Blood plasma in the Hungarian Uprising

Duration:
28 October 1956 - 28 October 1956
Military personnel:
6
Fatalities:
none
Decorations:
none

During the Cold War, it was the communist party that was in charge in Hungary. The regime of the Hungarian dictator Mátyás Rákosi functioned as a puppet government of the Soviet Union.

Less rigid

After the death of Jozef Stalin in March 1953, the rigid attitude of the Soviet Union towards its satellite states was relaxed somewhat. In Hungary, Rákosi made way for the more moderate Imre Nagy. The new prime minister granted amnesty to political prisoners, abolished internment camps and reversed the collectivisation of agriculture.

Open discussion

The relaxed policy meant that intellectuals and dissidents could openly discuss and debate communism and other world ideologies. The resulting calls for 'real freedom' and 'democracy' met with considerable resistance in Moscow, however. Nagy was, therefore, once again replaced by the more loyal Rákosi in April 1955. The opposition of the Hungarian dissidents to this Soviet intervention was suppressed by the Hungarian secret service.

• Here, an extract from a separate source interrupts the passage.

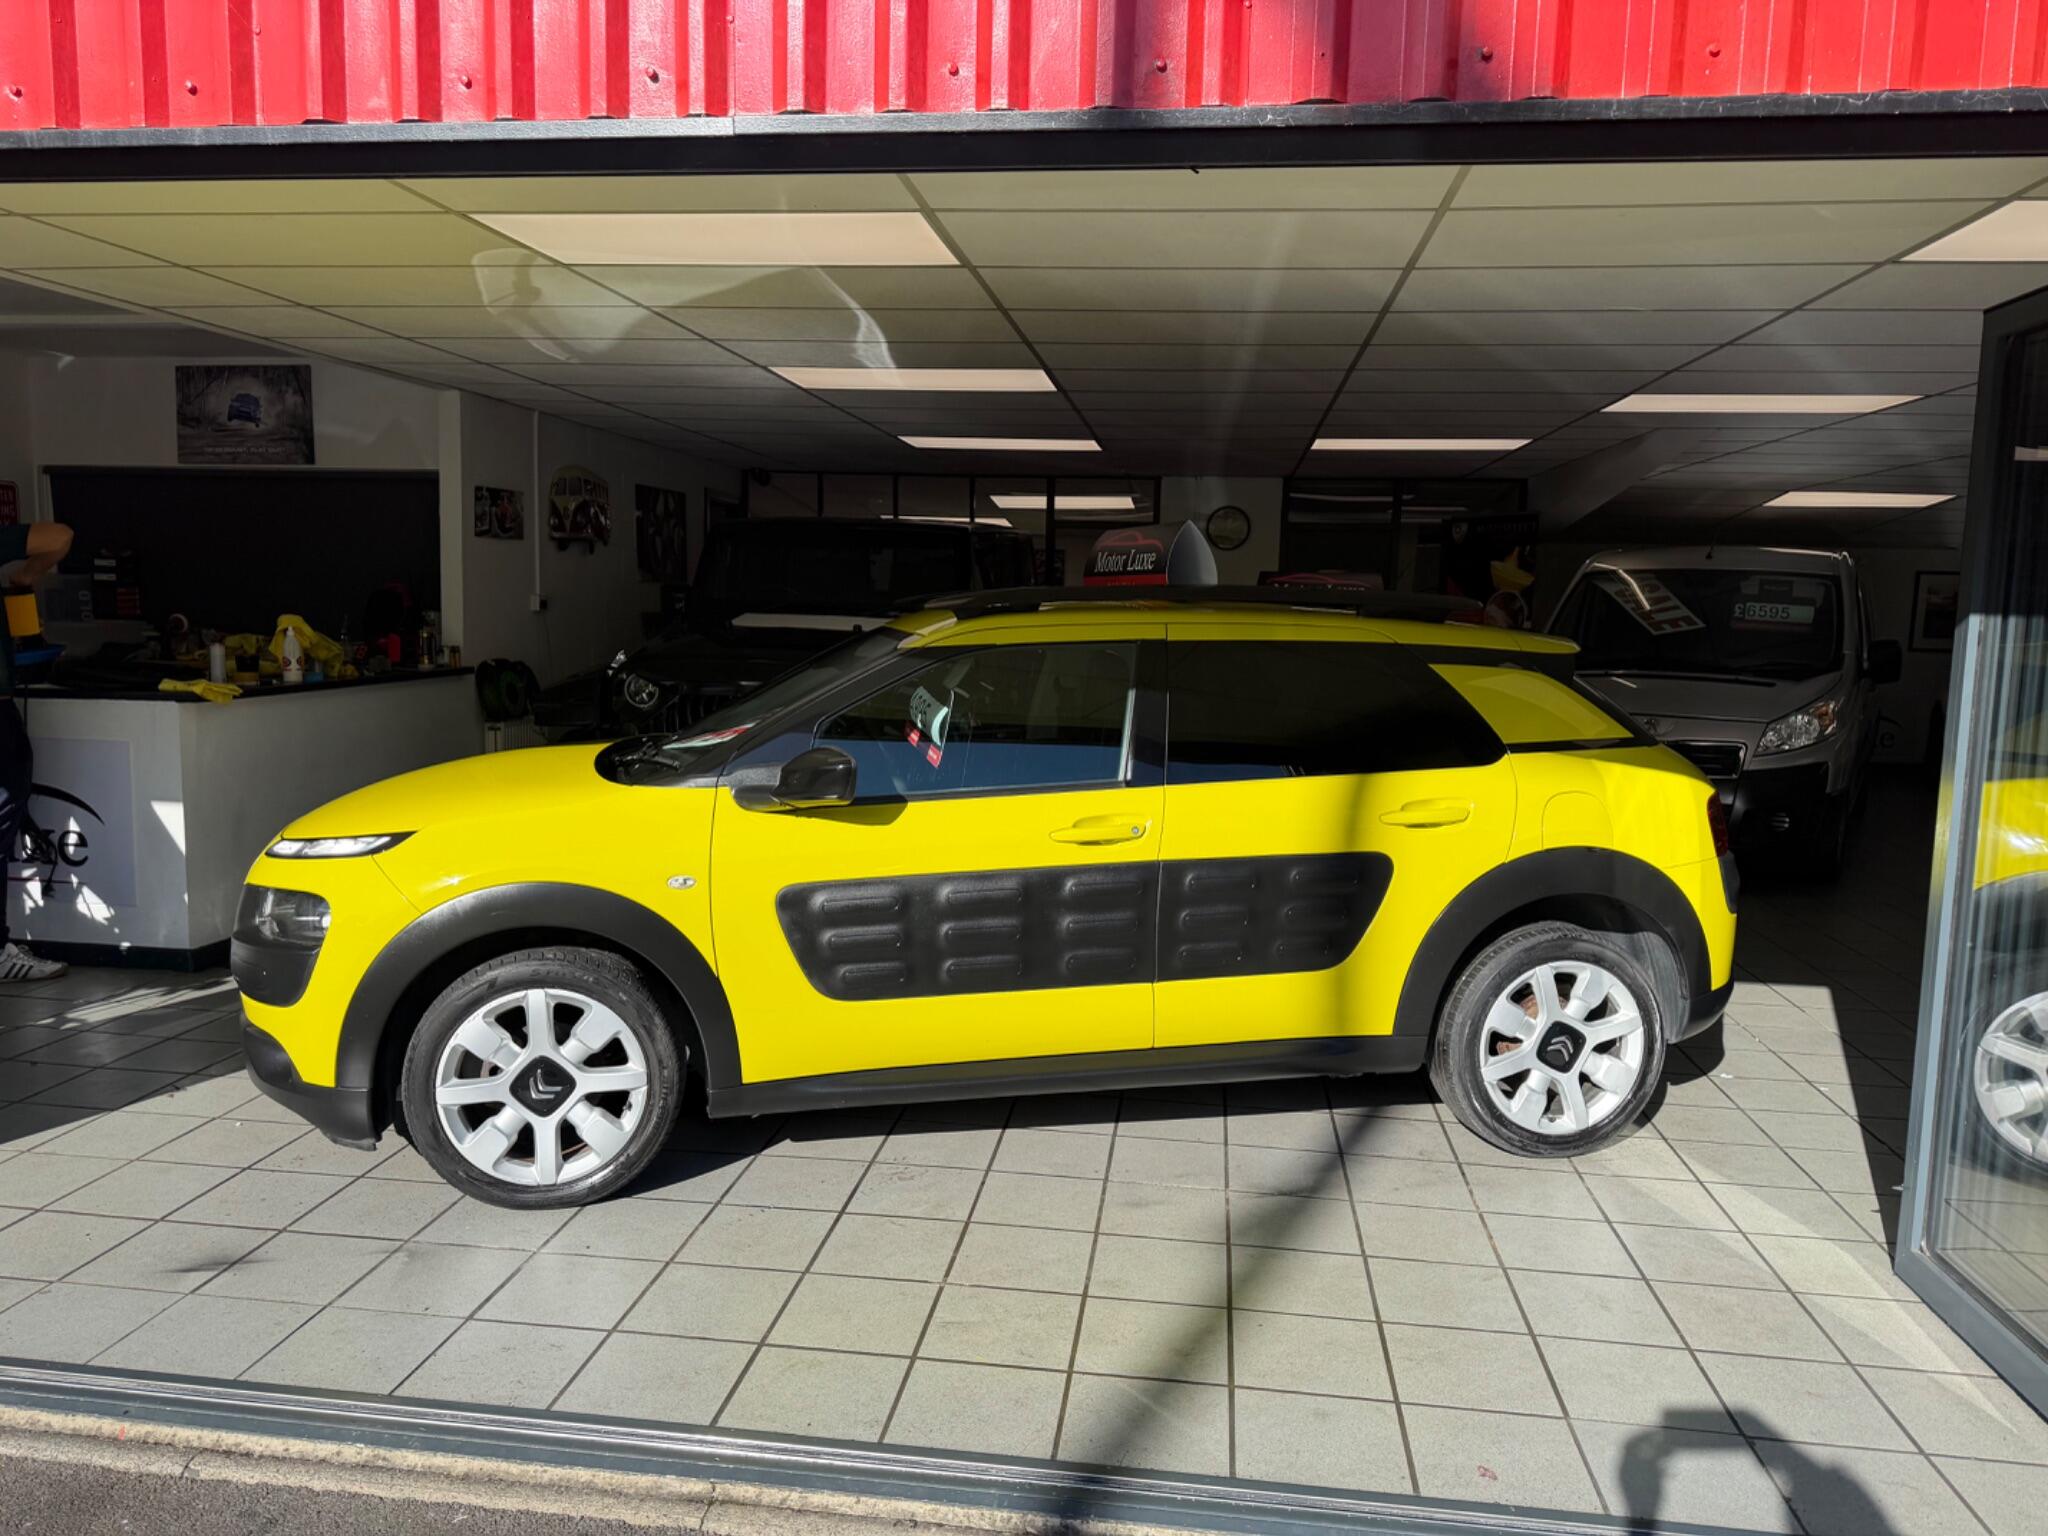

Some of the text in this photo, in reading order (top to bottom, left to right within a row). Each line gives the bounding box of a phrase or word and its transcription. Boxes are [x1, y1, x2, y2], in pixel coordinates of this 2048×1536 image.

[1094, 548, 1157, 574] Motor Luxe
[1733, 603, 1791, 621] £6595
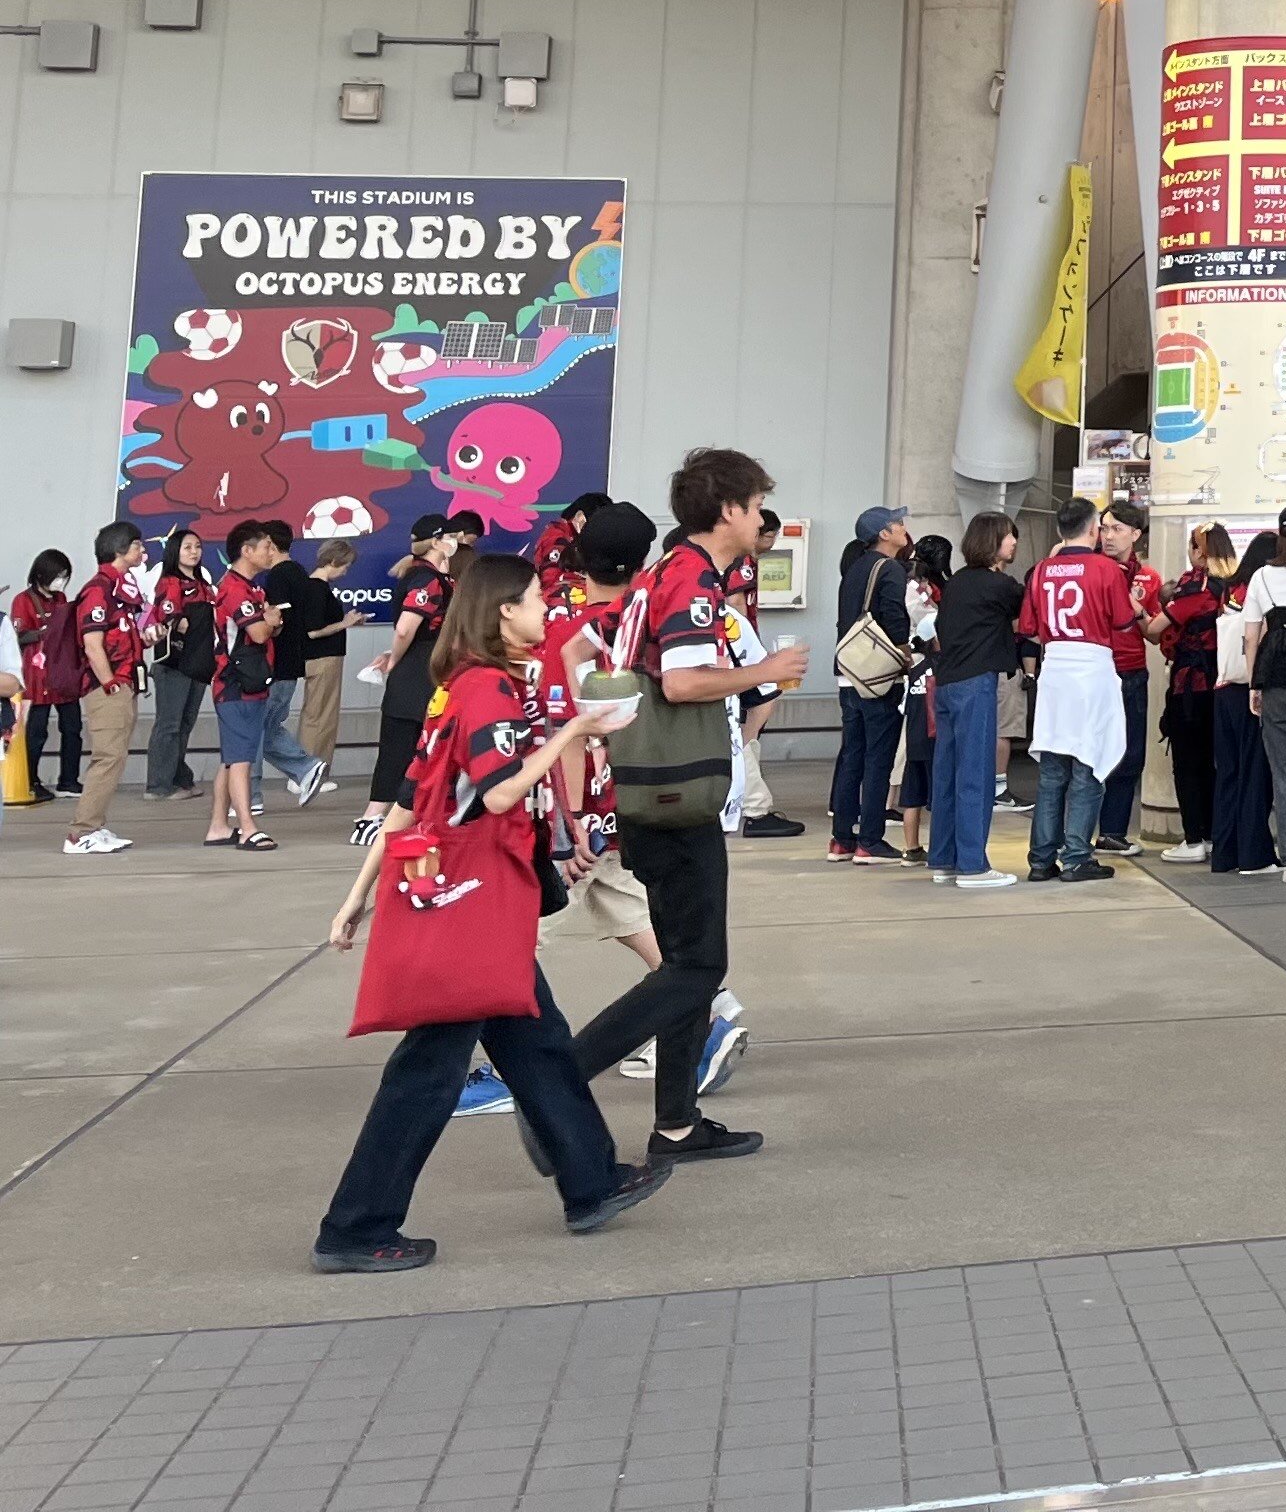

Support for former prime minister

The Hungarian people, however, had had more than enough of being manipulated by Moscow. On 22 October 1956, a group of students, intellectuals and politicians wrote a manifesto, in which they expressed their support for the former prime minister, Nagy. The dissidents also demanded that Hungary withdraw from the Warsaw Pact. The next day, the people of Budapest gathered for a mass demonstration. The army was ordered to take robust action, but some soldiers took the side of the people, which meant that the demonstration turned into a pitched battle.

Five-day battle

In an attempt to calm things down, Nagy was again appointed as prime minister that same day. It was to no avail. The fire of revolution had spread through the whole country. The people took up arms en masse against the army and the secret service. For 5 days, the major Hungarian cities formed real battle zones. At the beginning of November, the Russian army invaded Hungary and ended the opposition by force.